S&PA is a sad game, it's sad because the core concept of fighting with poker hands is interesting, but it's sad because of timers, premium currencies and 99.99$ best values. It's sad because of facebook requests, it's sad because of things you could buy to make the game too easy. At least it's sad and I'm not saying it doesn't have merit at all.
I thought that Farm For Your Life would be more than what it actually is. It's a bit of harvest moon with a bit of tower defense and some fruit ninja and one of these kitchen games thrown in for good measure. It's not a terribly bad game but it lacks direction for what is supposedly a story mode and the weird barter system didn't draw me in at all, instead making me feel like it's taking forever to unlock stuff.
Dwarven Den is barely a puzzle game; while the earlier levels might seem clever and lure players in with a slow difficulty curve, the game becomes quite difficult past a certain point which left me wondering about what 'puzzles' are when maps are randomly generated, resources are scarce and of course, sold for real money.
Crimsonland is a top-down twin stick shooter where you fight very large number of enemies with various weapons either in a quest mode where the enemies are predetermined to create different challenges or in a survival mode where you get experience points for killing stuff and unlock perks as you level-up. I had a blast Crimsonland although I find it quite difficult, sometimes only because of random number generation.
Storm Casters is pretty amazing. It's an action RPG on iOS with collectible card mechanics, level-ups and a bunch of different weapons and items to play with. I had a ton of fun during my time with this game because it blends solid gameplay and does not mess too much with the freemium tendrils that could have been stuck in every aspect of the game.
BattleBlock Theater is a platforming game where you need to collect gems in order to complete sets of level with an ever increasing amount of mechanics stacking on top of each other. This game is pretty quirky with the way it tells a story and it's also in general pretty good, although I've found that it wasn't focused enough in the platformer way or the puzzle way for my tastes.
Colosatron is a weird thing. I'm almost tempted to say that it's barely a game because of the limited input you have on it. You don't control the main character - a giant robot dragon rampaging around cities - but you rather work to improve it by adding weapons on it and by sometimes using one of two skills you can unlock after destroying the first capital. I've had some fun with it, altough it was mostly mindless and I never felt challenged at all by any of it.
Shovel Knight is a great game, Shovel Knight is an important game. From the success Kickstarter story came this little retro platformer that merges many old NES games together and adds modern sensibilities in order to create a neat little package that I had tons of fun playing through. Although - as most games usually are - not perfect, Shovel Knight is the best mash-up of Super Mario Brothers, DuckTales, Castlevania and Megaman I can think of right now.
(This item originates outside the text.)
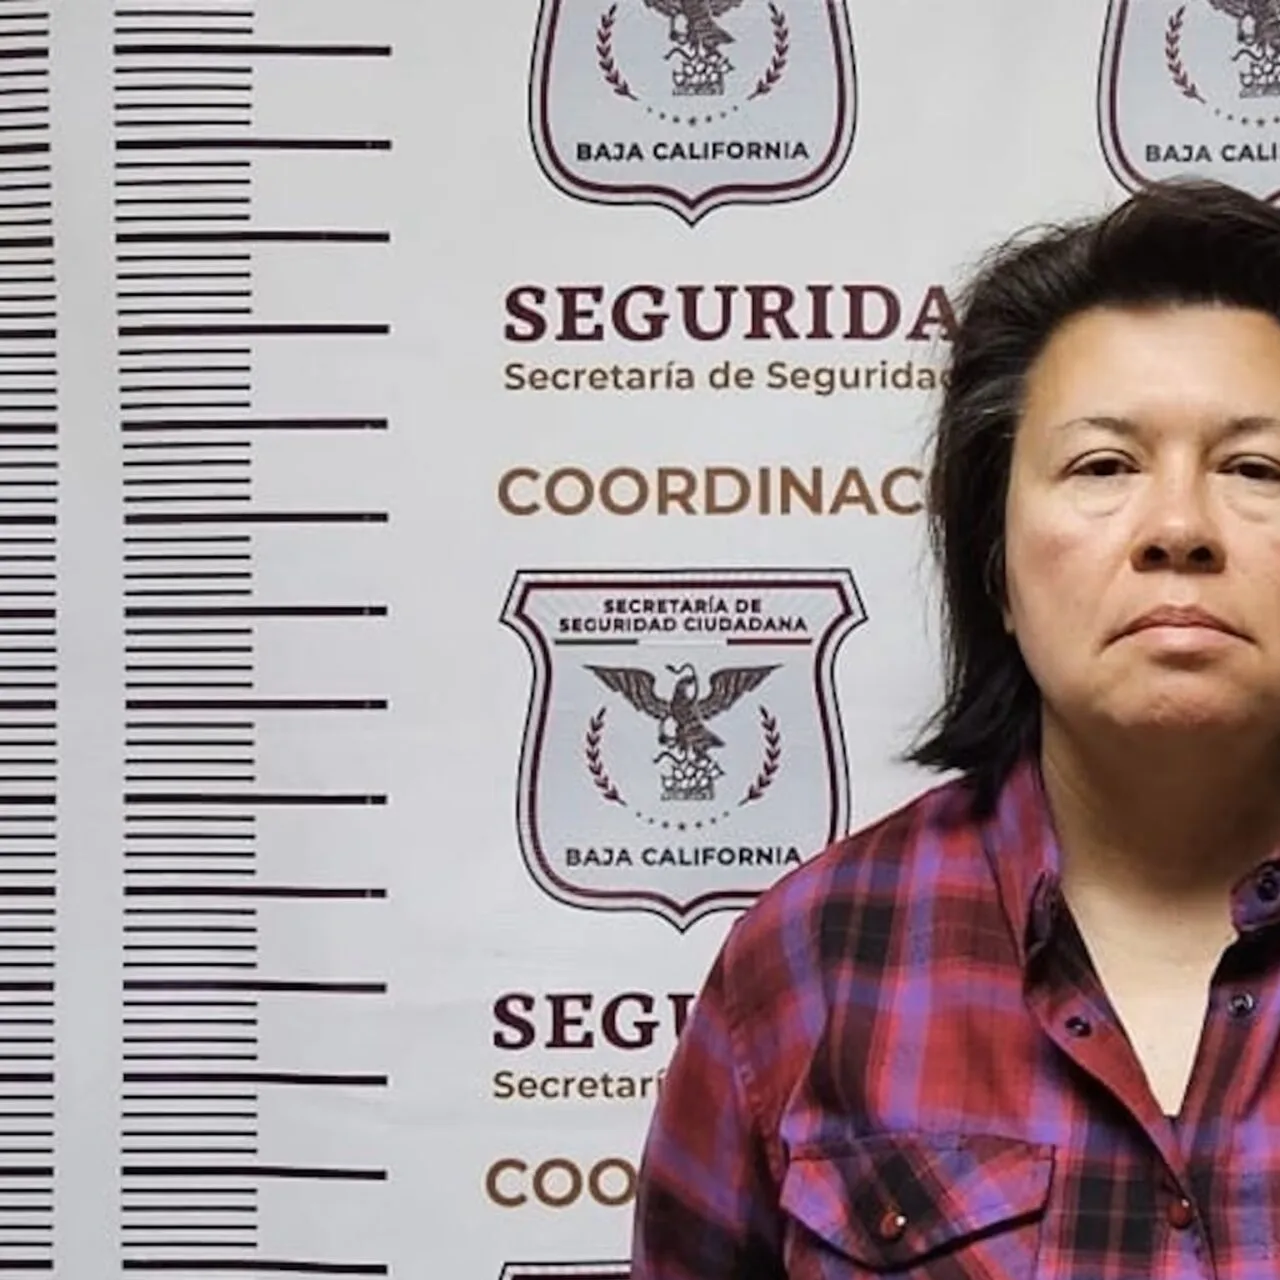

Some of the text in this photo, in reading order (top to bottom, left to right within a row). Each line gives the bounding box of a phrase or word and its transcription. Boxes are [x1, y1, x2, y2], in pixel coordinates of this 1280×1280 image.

Paperma is an okay little puzzle game where you fold paper around in order to fill a certain area of the screen with it. You have a limited number of moves to do so and a percentage score that tells you how much of the area you've filled - and how much of the outside area isn't filled. If you get stuck, you can buy hints that reveal the next move you should do. It's one of these calm puzzle games where you can solve a bunch of time while taking your time.